▼▼▼

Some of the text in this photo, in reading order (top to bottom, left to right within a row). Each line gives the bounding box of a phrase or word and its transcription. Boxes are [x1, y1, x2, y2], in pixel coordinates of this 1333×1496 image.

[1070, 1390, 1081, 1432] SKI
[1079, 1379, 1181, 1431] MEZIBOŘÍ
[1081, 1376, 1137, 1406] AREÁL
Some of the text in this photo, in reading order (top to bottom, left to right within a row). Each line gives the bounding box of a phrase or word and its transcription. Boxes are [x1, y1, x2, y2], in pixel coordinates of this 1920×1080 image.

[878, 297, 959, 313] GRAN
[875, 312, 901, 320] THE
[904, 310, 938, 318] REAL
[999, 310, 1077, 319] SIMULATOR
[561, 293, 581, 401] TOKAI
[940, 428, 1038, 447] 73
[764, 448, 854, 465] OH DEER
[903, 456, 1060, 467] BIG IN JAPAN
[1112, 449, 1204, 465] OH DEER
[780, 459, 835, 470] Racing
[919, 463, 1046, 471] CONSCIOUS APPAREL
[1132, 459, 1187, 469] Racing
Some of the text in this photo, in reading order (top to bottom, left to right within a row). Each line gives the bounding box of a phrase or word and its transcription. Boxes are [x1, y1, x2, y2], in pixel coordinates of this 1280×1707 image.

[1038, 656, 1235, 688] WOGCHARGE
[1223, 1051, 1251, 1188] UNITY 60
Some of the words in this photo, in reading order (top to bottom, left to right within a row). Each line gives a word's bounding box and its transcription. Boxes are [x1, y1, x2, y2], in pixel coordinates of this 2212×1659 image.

▲▲▲

▶ **Activity**
Output all of the data above without any alteration.

▶ **Response below**
Some of the text in this photo, in reading order (top to bottom, left to right within a row). Each line gives the bounding box of a phrase or word and its transcription. Boxes are [x1, y1, x2, y2], in pixel coordinates of this 1333×1496 image.

[1070, 1390, 1081, 1432] SKI
[1079, 1379, 1181, 1431] MEZIBOŘÍ
[1081, 1376, 1137, 1406] AREÁL
Some of the text in this photo, in reading order (top to bottom, left to right within a row). Each line gives the bounding box of a phrase or word and its transcription. Boxes are [x1, y1, x2, y2], in pixel coordinates of this 1920×1080 image.

[878, 297, 959, 313] GRAN
[875, 312, 901, 320] THE
[904, 310, 938, 318] REAL
[999, 310, 1077, 319] SIMULATOR
[561, 293, 581, 401] TOKAI
[940, 428, 1038, 447] 73
[764, 448, 854, 465] OH DEER
[903, 456, 1060, 467] BIG IN JAPAN
[1112, 449, 1204, 465] OH DEER
[780, 459, 835, 470] Racing
[919, 463, 1046, 471] CONSCIOUS APPAREL
[1132, 459, 1187, 469] Racing
Some of the text in this photo, in reading order (top to bottom, left to right within a row). Each line gives the bounding box of a phrase or word and its transcription. Boxes are [x1, y1, x2, y2], in pixel coordinates of this 1280×1707 image.

[1038, 656, 1235, 688] WOGCHARGE
[1223, 1051, 1251, 1188] UNITY 60
Some of the words in this photo, in reading order (top to bottom, left to right within a row). Each line gives a word's bounding box and its transcription. Boxes are [x1, y1, x2, y2], in pixel coordinates of this 2212×1659 image.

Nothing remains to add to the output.